Until the Linux port will be available (I promise it will be), the program can be used under Linux via Wine.
Wine is rarely used in bioinfo. For your next project, please take linux/mac as a prerequisite, not an afterthought. Thank you.
we often want to look at one file in a run but almost never would open all files in a sequencing run.
Usually they share many characteristics. Your software should have the option of running as a command line tool as well.
You mean to access the tools via that command line?
yes, like fastqc the program should run from command line if just some non-graphical functionality is needed.
I forgot to mention that it requires that much time only when you open a file for the first time. Opening the file subsequently requires below 1 sec.
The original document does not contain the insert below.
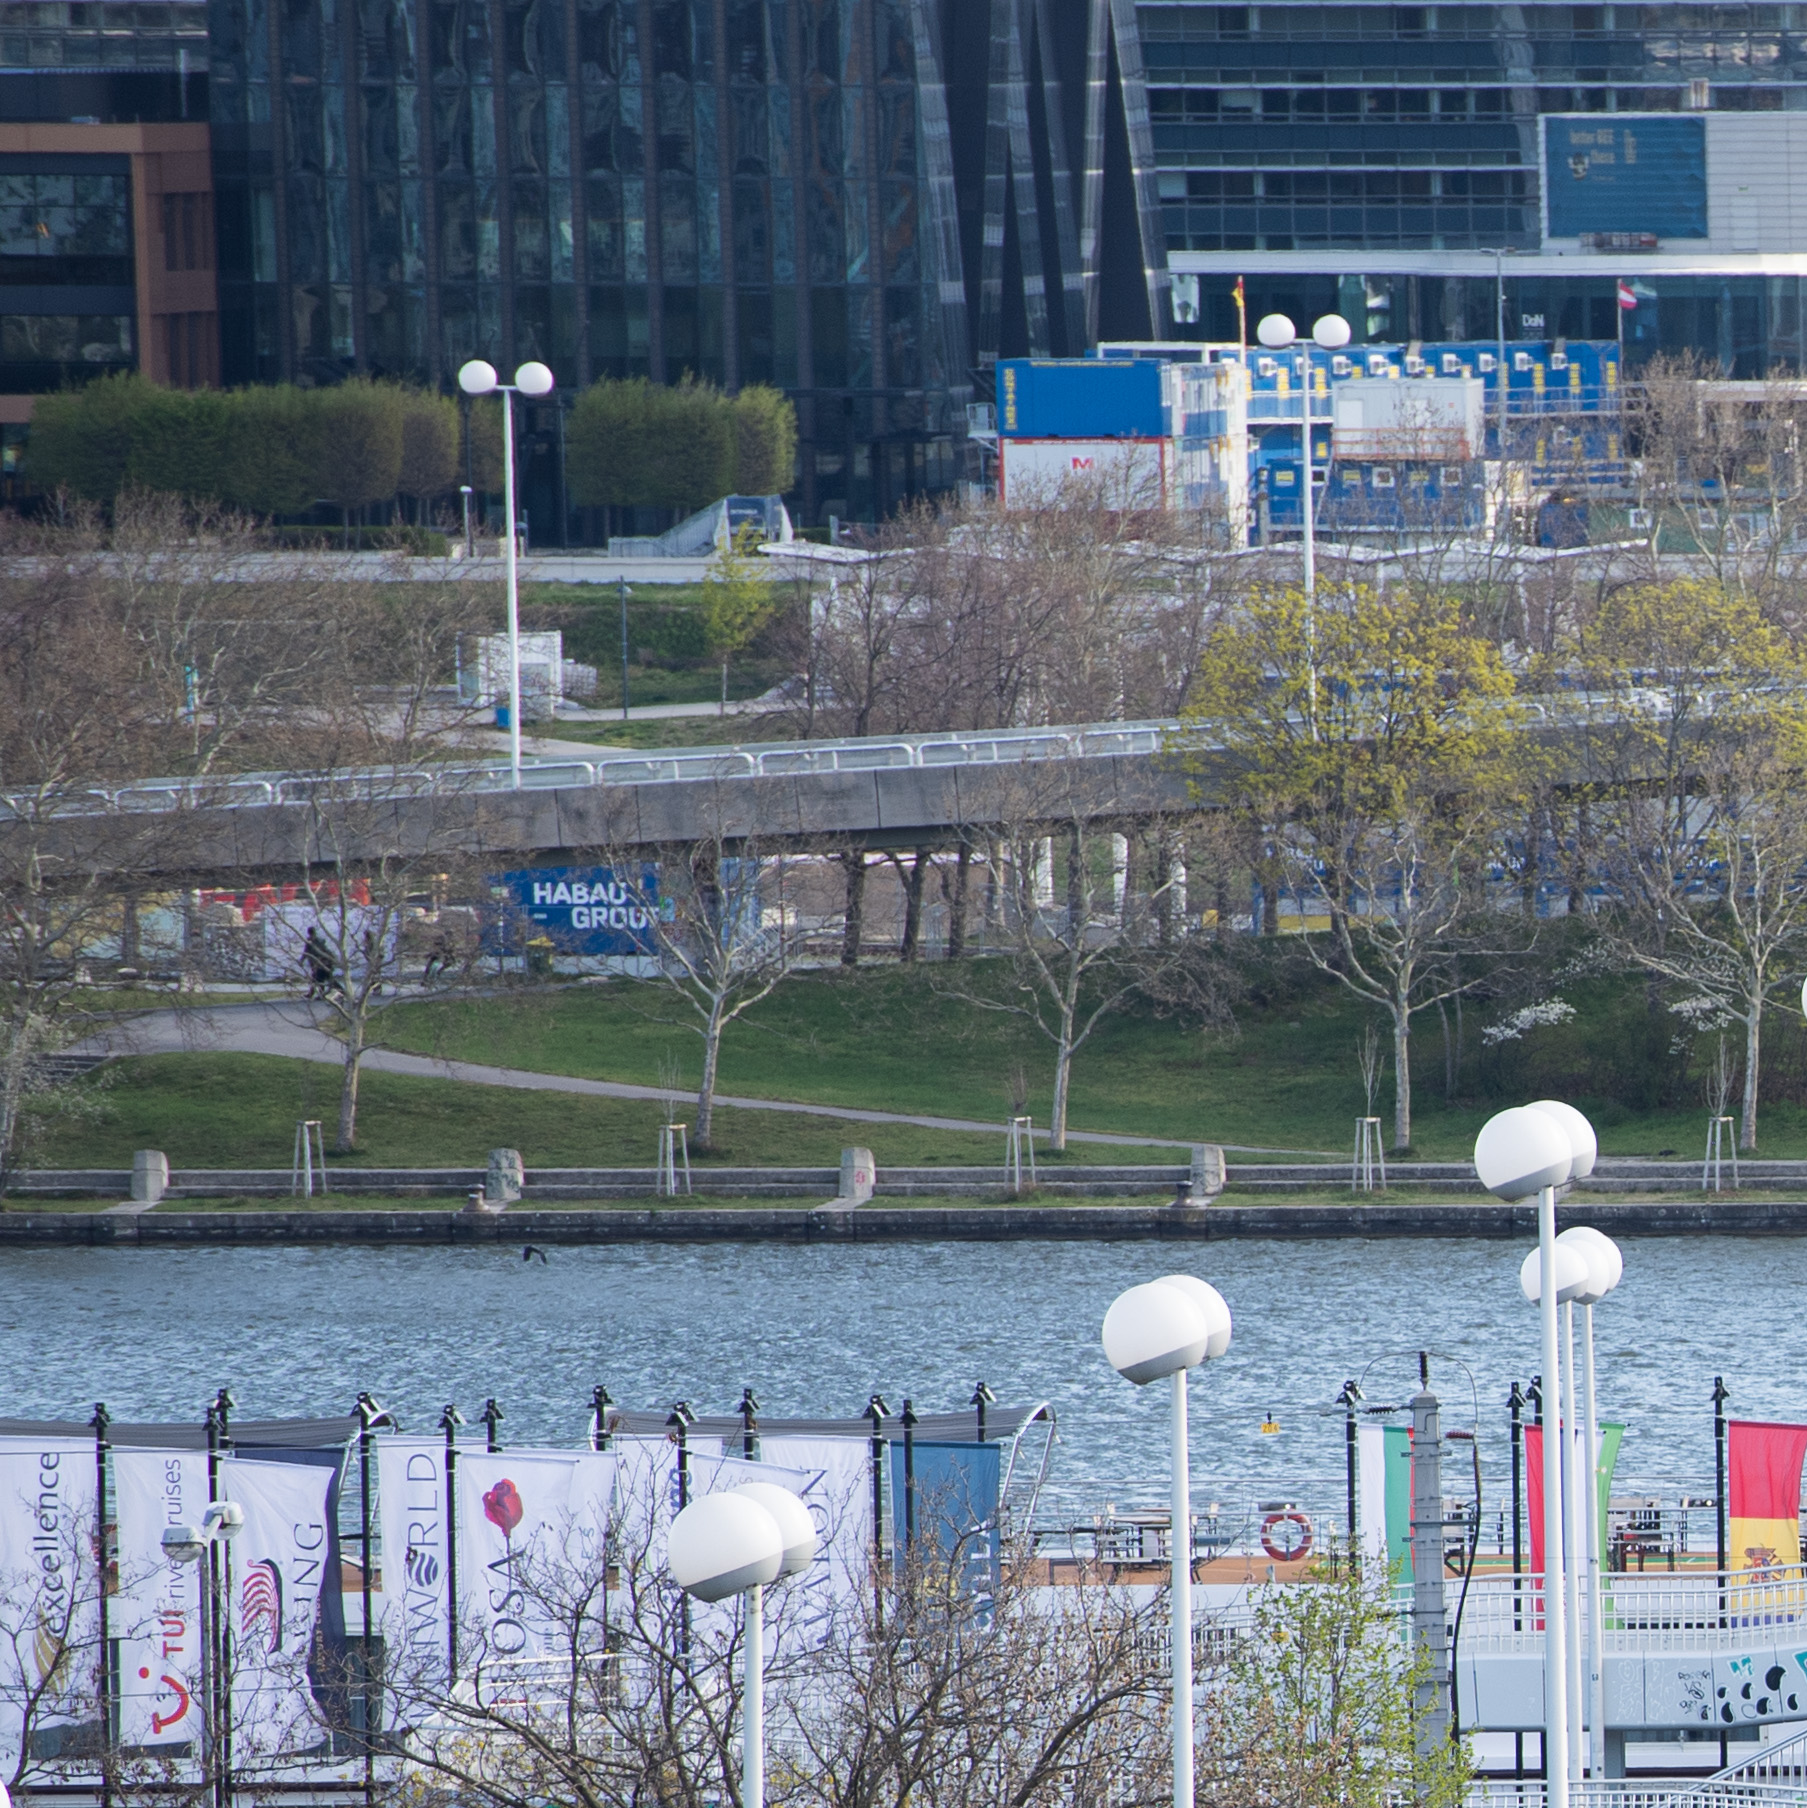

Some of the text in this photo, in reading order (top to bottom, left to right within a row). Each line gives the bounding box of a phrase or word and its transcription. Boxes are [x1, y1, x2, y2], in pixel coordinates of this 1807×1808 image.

[533, 882, 628, 905] HABAU
[33, 1452, 66, 1635] excellence
[163, 1459, 186, 1657] TUI rive ruises
it should never need to have the file in memory, except for dereplicate so it should be able to handle files of any size except for that function, correct?
Yes. As you can see in the screenshot the program needs only 38MB for showing a 500MB file.
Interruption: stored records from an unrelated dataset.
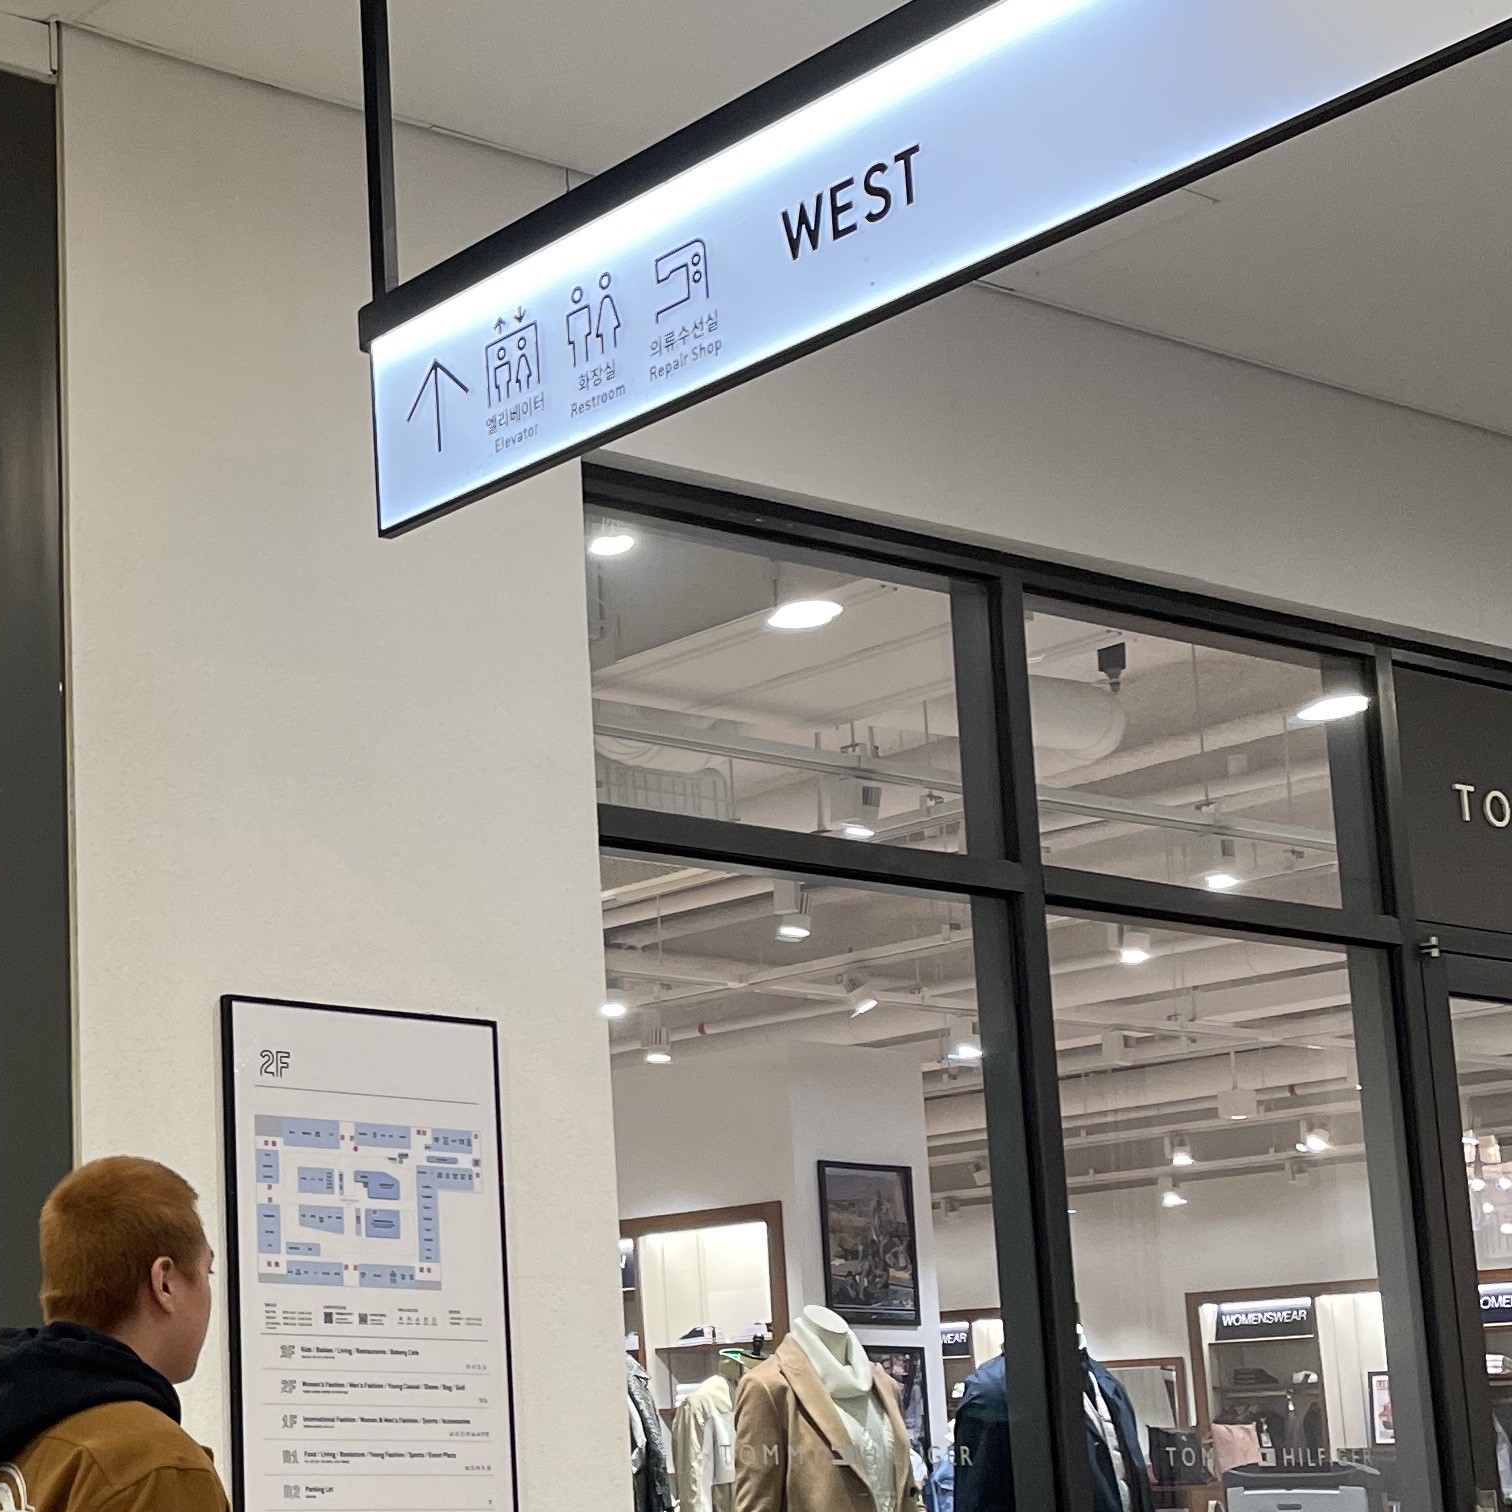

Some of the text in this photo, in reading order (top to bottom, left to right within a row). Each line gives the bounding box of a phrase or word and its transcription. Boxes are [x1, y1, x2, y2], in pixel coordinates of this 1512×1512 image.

[781, 143, 920, 261] WEST
[649, 309, 719, 357] 의류수선실
[577, 359, 617, 391] 화장실
[649, 338, 723, 381] Repair Shop
[485, 391, 545, 436] 엘리베이터
[570, 383, 627, 418] Restroom
[494, 423, 540, 453] Elevator
[1452, 783, 1511, 828] TO
[259, 1049, 291, 1078] 2F
[1221, 1309, 1308, 1327] WOMENSWEAR
Cool. Then why this limitation: "On a modest computer (with 3GB RAM) the program should theoretically open files up to 40GB"?
Well, the index in loaded in memory. The more sequences you have, the larger the index. Some calculus shows that it should parse a file with up to 375million sequences, which is equivalent of a 80GB file IF the sequences are about 100 bases each (40GB is for 200 bases/sequence).
Obviously, on a computer with more RAM you could open even larger files. But for the moment the program is 32 bit. The 64 bit version should be ready soon. Then the Linux and Mac versions.
Now I am trying to integrate SFF into the same GUI.
ok but why would you need to load the entire index into memory? after all the user will not actually scroll through hundreds of millions of reads. There is this common flaw, often seen in text editors where opening a large file loads it all up in memory, yet a person only edits or looks at one page at a time.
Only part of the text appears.